**TRY IT:** Reproduce the listing exactly, with no pictures in your copy.

-- Opening Marker --

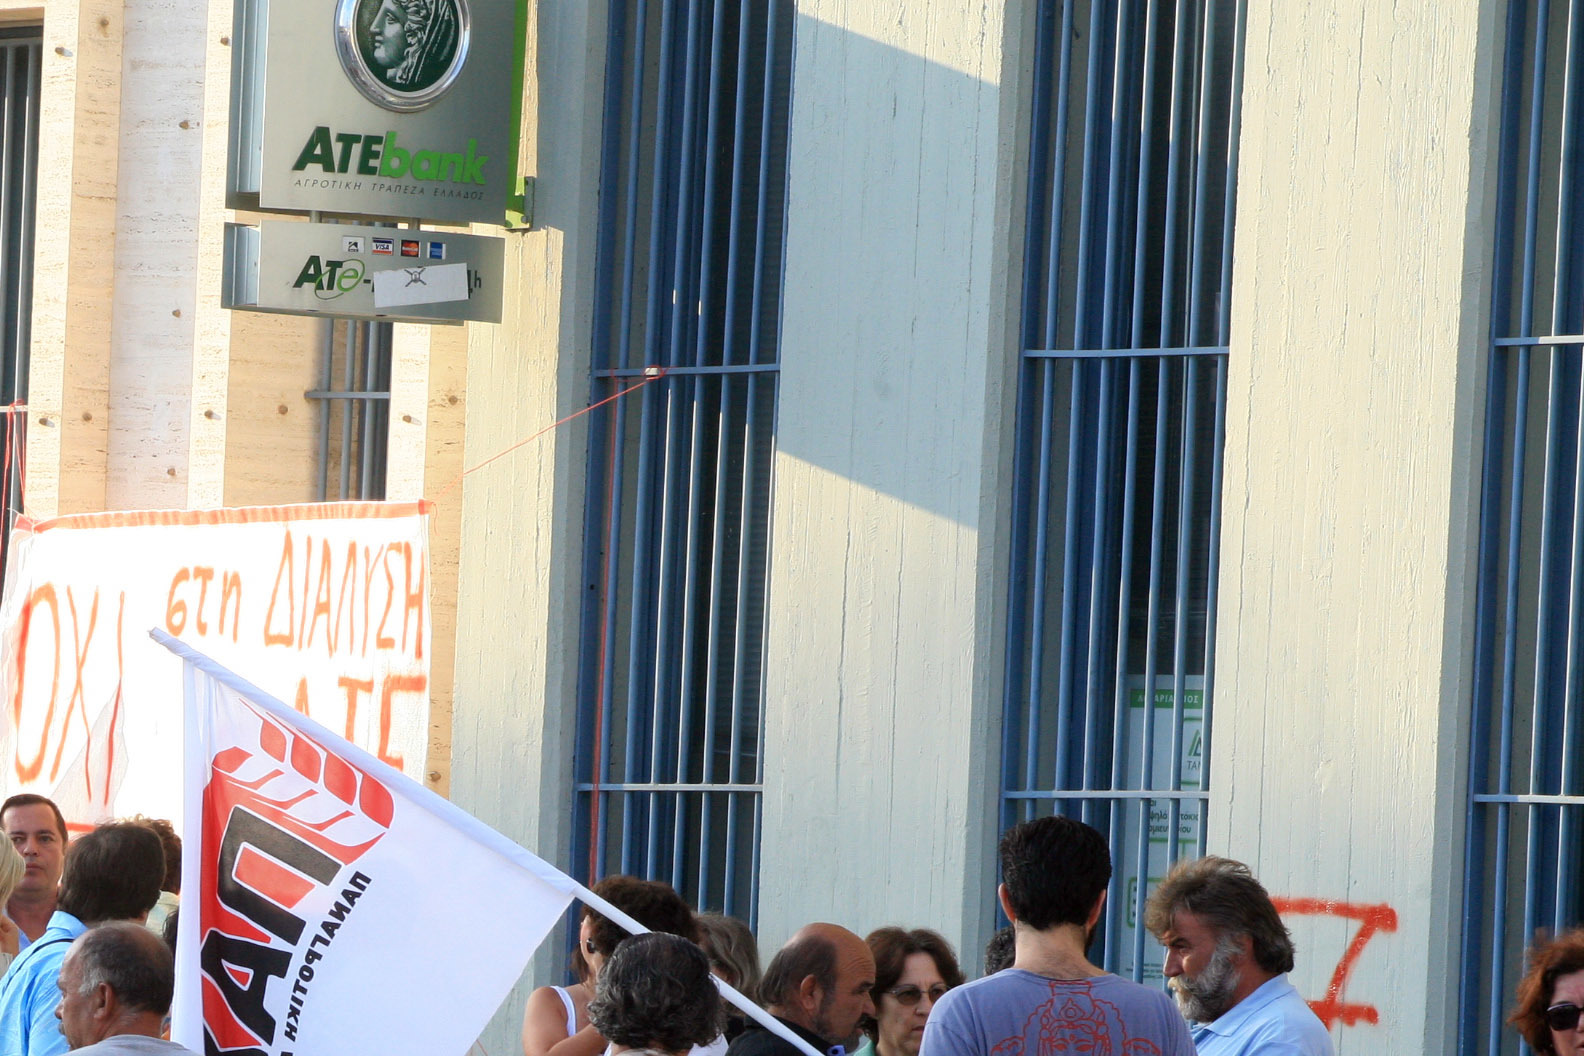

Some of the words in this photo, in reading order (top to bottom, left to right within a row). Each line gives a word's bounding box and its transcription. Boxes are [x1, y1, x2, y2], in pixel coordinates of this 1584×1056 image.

[292, 126, 490, 185] ATEbank
[294, 179, 362, 190] ΑΓΡΟΤΙΚΗ
[371, 183, 425, 195] ΤΡΑΠΕΖΑ
[434, 187, 484, 200] ΕΛΛΑΔΟΣ
[374, 243, 391, 251] VISA
[263, 529, 425, 659] ΔΙΑΛΥΣΗ
[16, 582, 125, 808] ΟΧΙ

-- Closing Marker --

**EXERCISE SOLUTION:**
Some of the words in this photo, in reading order (top to bottom, left to right within a row). Each line gives a word's bounding box and its transcription. Boxes are [x1, y1, x2, y2], in pixel coordinates of this 1584×1056 image.

[292, 126, 490, 185] ATEbank
[294, 179, 362, 190] ΑΓΡΟΤΙΚΗ
[371, 183, 425, 195] ΤΡΑΠΕΖΑ
[434, 187, 484, 200] ΕΛΛΑΔΟΣ
[374, 243, 391, 251] VISA
[263, 529, 425, 659] ΔΙΑΛΥΣΗ
[16, 582, 125, 808] ΟΧΙ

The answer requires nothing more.